Every conversation with a student since the U of A canceled in-person classes has exposed more loss due to what is happening. Relationships have been interrupted, study abroad opportunities postponed, practicums canceled, and on-campus jobs made untenable. Seniors are worried whether there will be graduation and if they will find a job. Freshmen and others living on campus have gone home and will not come back this semester. Everyone is losing something in this season. It is easy to get focused on ourselves. But, Jesus’s parable reminds me that there are those for whom life is much more challenging – coronavirus or not. I need to remember.
Those who are always vulnerable in our community will surely be hit even harder by what has unfolded. Here are some ideas to help, if the Lord so leads:
Students can take unused dining dollars to buy food on campus at places like Club Red and donate it to the Full Circle Food Pantry for U of A students & staff in need. To drop off food, contact the pantry – info at fullcircle.uark.edu.
Those in Fayetteville who desire to volunteer can help at Genesis Church. There is a need for people to help make sack lunches and cook meals that will then be transported to the Salvation Army for distribution. Volunteers would work with a small group for these tasks in a sanitary and controlled environment (facilities are being disinfected and only staff and volunteers are allowed at the church). To be placed on the communications list for volunteers, contact Maura Miller at email@example.com.
Anyone can donate to our new Coronavirus Assistance Fund for any students suffering due to loss of income in this season. Our student leadership team has recently designated a portion of our Missions Fund for this purpose. To donate, visit www.uawesley.com/donate. To request assistance (students only), email firstname.lastname@example.org.
Healthy individuals can give blood. Due to the coronavirus, blood drives have been cancelled across the country, causing a severe shortage. Look online for a place to donate blood during this time. A good place to start is https://www.redcrossblood.org/.

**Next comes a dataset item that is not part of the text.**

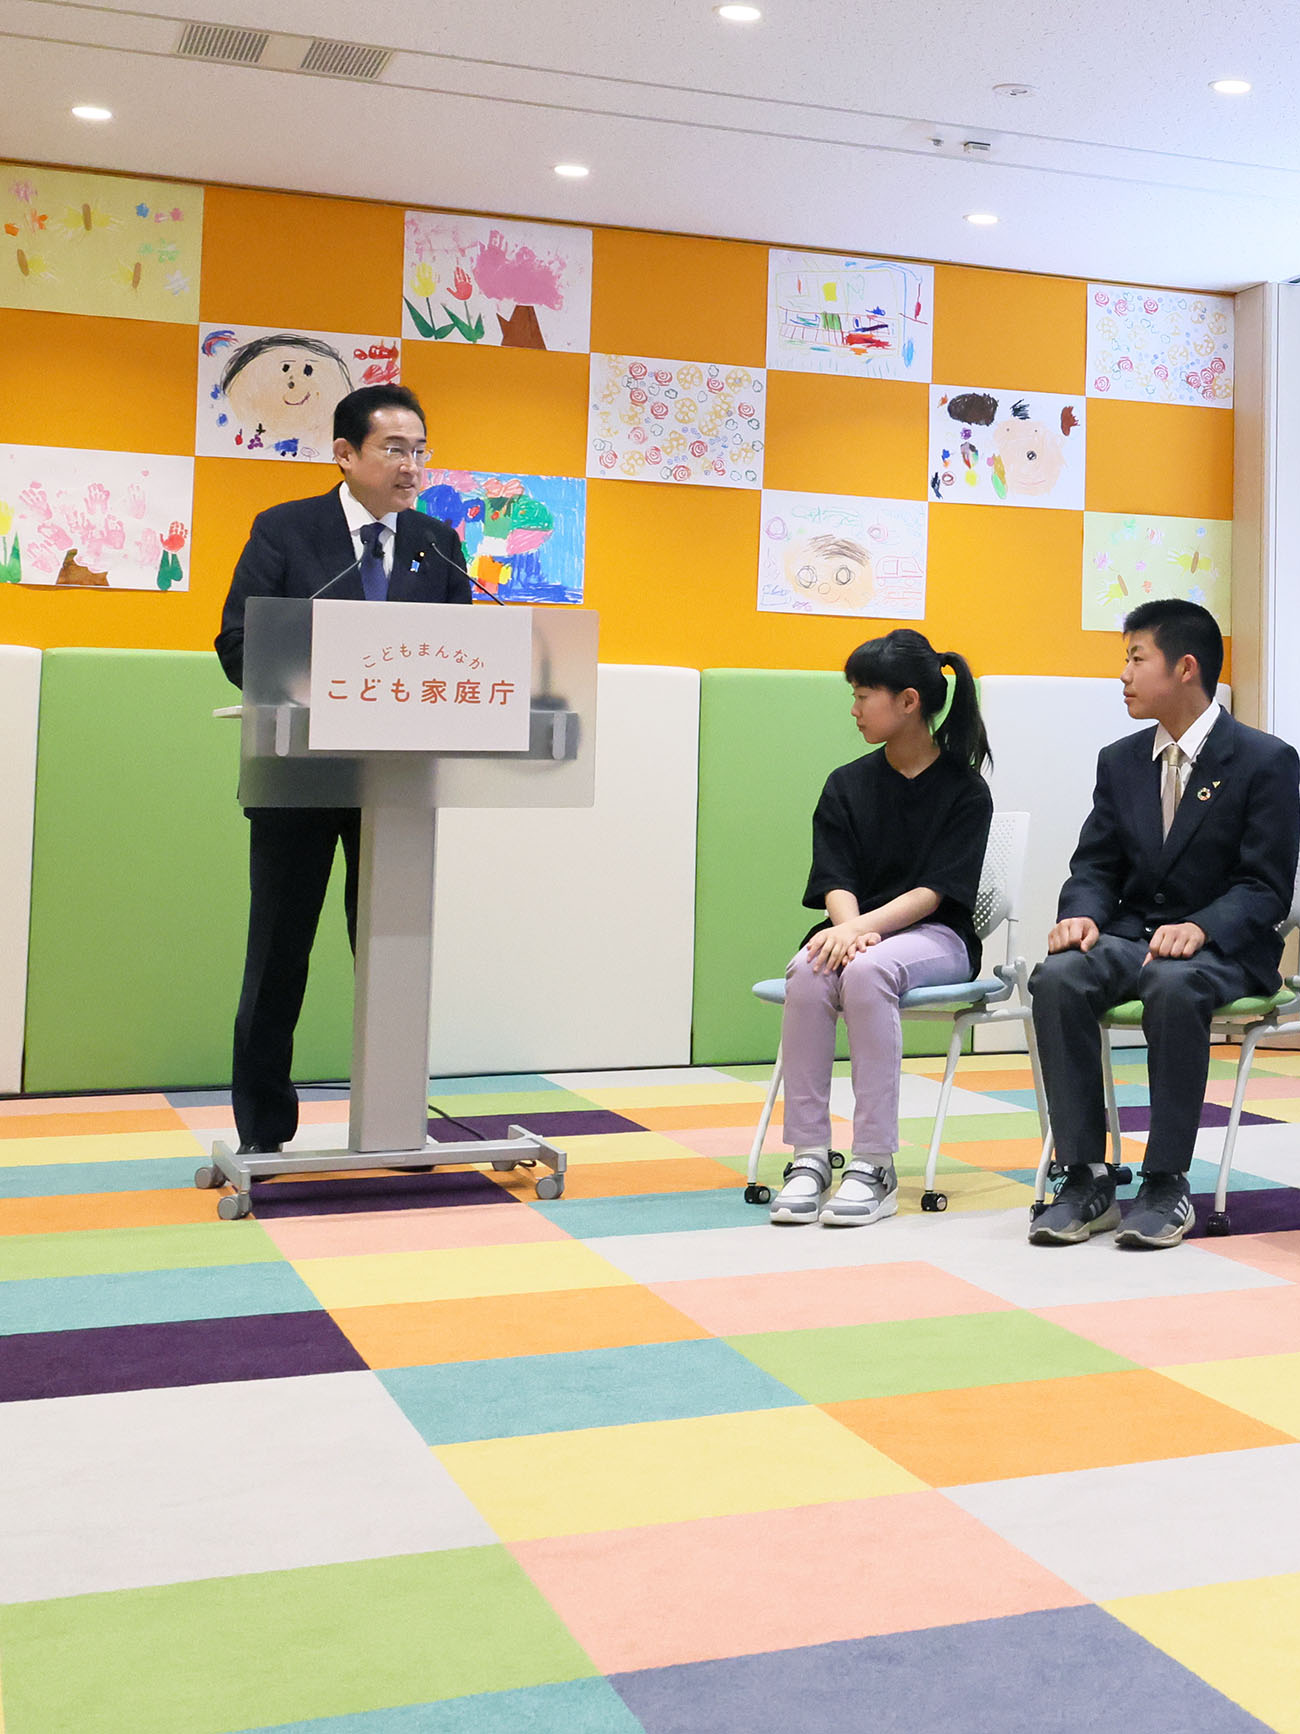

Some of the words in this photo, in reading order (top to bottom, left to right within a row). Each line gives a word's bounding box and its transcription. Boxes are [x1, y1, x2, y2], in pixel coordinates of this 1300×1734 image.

[362, 643, 485, 670] こどもまんなか
[328, 678, 515, 705] こども家庭庁

All of us can call an older friend or family member who is sheltered and isolated at home to check on them and offer the gift of relationship and assistance.
We can show grace to those with whom we “shelter in place.” Being holed up with others and unable to move about as freely as we would like can cause frustration and friction. But, it’s also a chance to grow in the fruits of the Spirit!! (Galatians 5:22-23)
As we care for ourselves in this scary season, let us also love others well. Let us watch for the Lazaruses at our gate.
Prayer: Lord, how grateful we are for your provision for us in this season. We want to meet the needs of others, as we are able and as you direct. Show us what we can do and what we need to do. In Jesus’s name, Amen.